[Problem requirements] Print the data that follows word for word, leaving out any picture.

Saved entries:
═══

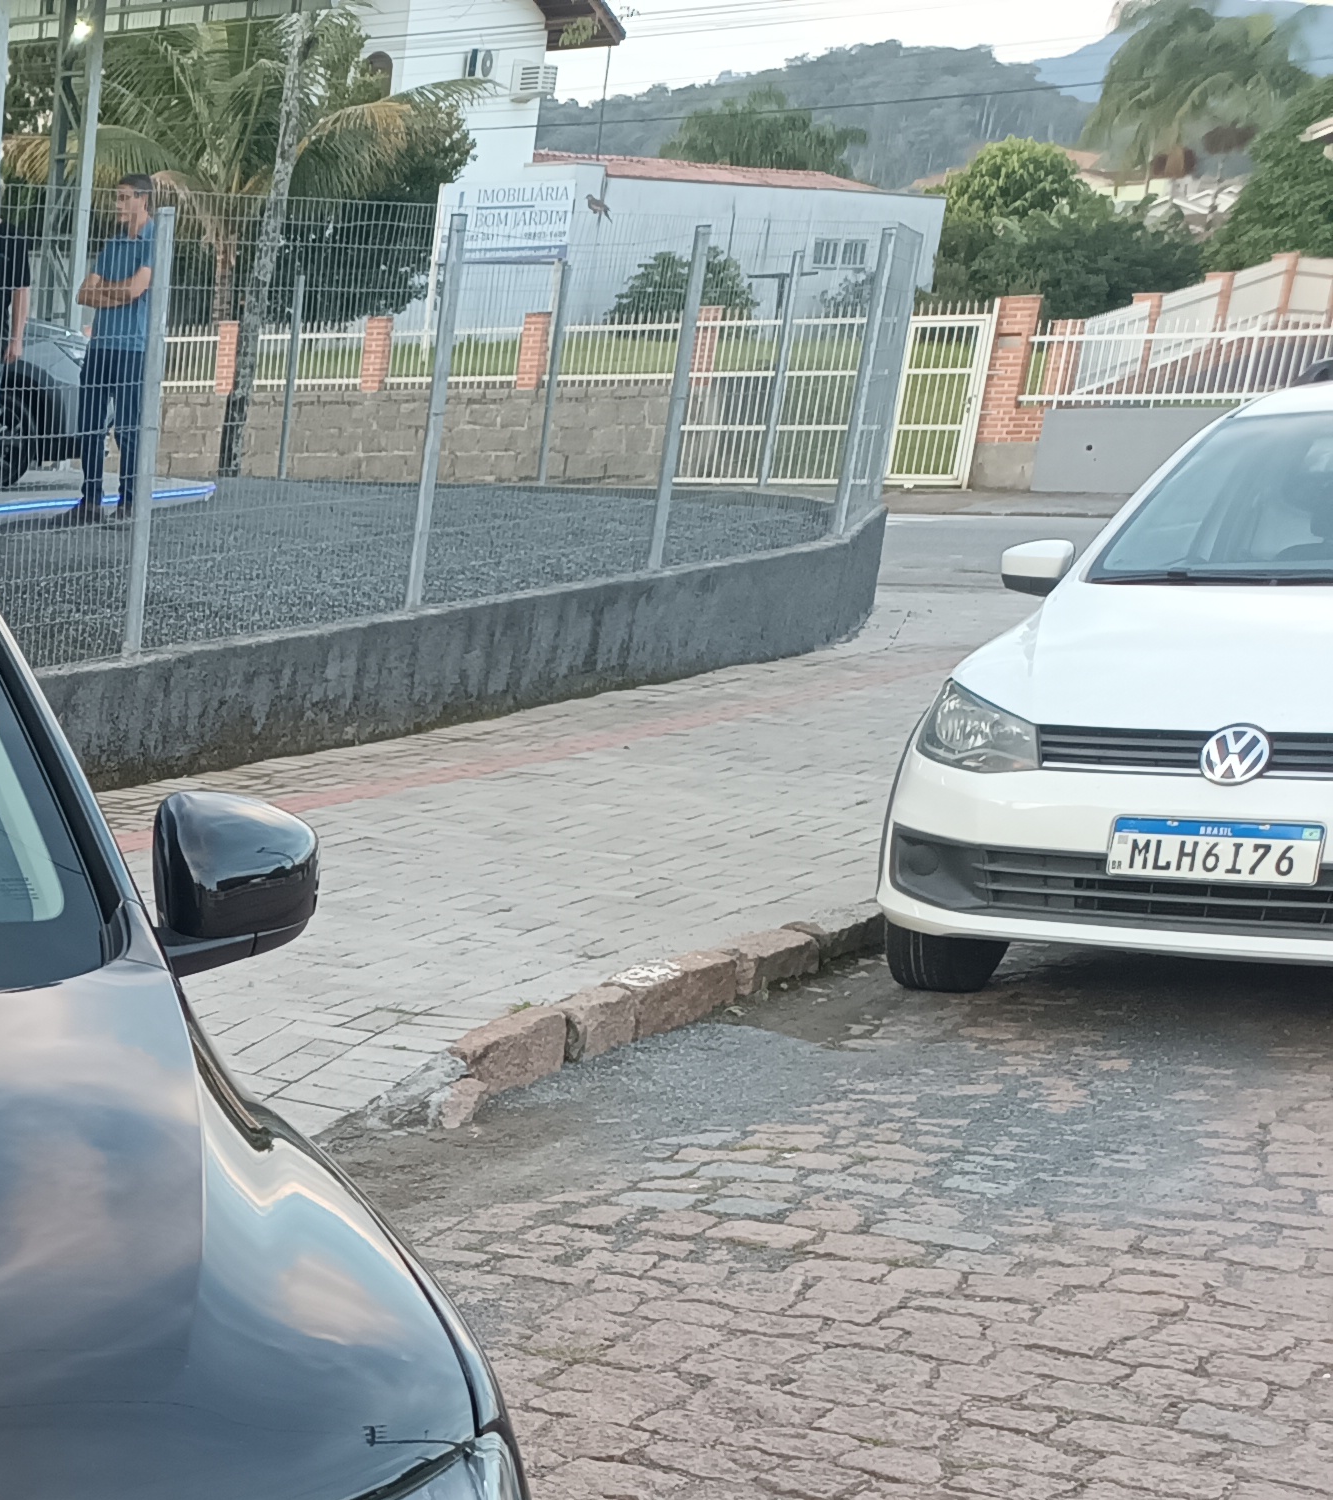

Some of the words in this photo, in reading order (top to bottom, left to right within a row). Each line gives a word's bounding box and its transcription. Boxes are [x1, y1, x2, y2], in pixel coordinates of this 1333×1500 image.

[477, 183, 570, 203] IMOBILIÁRIA
[475, 212, 508, 228] BOM
[512, 210, 568, 229] JARDIM
[1199, 826, 1233, 836] BRASIL

═══

[Answer space]
Some of the words in this photo, in reading order (top to bottom, left to right within a row). Each line gives a word's bounding box and its transcription. Boxes are [x1, y1, x2, y2], in pixel coordinates of this 1333×1500 image.

[477, 183, 570, 203] IMOBILIÁRIA
[475, 212, 508, 228] BOM
[512, 210, 568, 229] JARDIM
[1199, 826, 1233, 836] BRASIL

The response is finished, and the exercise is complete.